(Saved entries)
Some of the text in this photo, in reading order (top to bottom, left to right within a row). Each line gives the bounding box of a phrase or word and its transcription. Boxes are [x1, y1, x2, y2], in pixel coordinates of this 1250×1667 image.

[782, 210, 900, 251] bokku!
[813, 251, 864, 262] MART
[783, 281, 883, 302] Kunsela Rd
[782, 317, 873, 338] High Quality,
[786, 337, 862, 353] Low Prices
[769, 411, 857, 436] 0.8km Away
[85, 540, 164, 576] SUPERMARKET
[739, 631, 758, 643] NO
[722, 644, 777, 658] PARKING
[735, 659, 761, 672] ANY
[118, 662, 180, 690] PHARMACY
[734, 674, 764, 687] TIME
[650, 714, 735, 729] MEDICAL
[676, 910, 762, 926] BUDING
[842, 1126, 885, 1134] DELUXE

(What you should do): Above are the entries; return each one exactly.

(Written solution):
Some of the text in this photo, in reading order (top to bottom, left to right within a row). Each line gives the bounding box of a phrase or word and its transcription. Boxes are [x1, y1, x2, y2], in pixel coordinates of this 1250×1667 image.

[782, 210, 900, 251] bokku!
[813, 251, 864, 262] MART
[783, 281, 883, 302] Kunsela Rd
[782, 317, 873, 338] High Quality,
[786, 337, 862, 353] Low Prices
[769, 411, 857, 436] 0.8km Away
[85, 540, 164, 576] SUPERMARKET
[739, 631, 758, 643] NO
[722, 644, 777, 658] PARKING
[735, 659, 761, 672] ANY
[118, 662, 180, 690] PHARMACY
[734, 674, 764, 687] TIME
[650, 714, 735, 729] MEDICAL
[676, 910, 762, 926] BUDING
[842, 1126, 885, 1134] DELUXE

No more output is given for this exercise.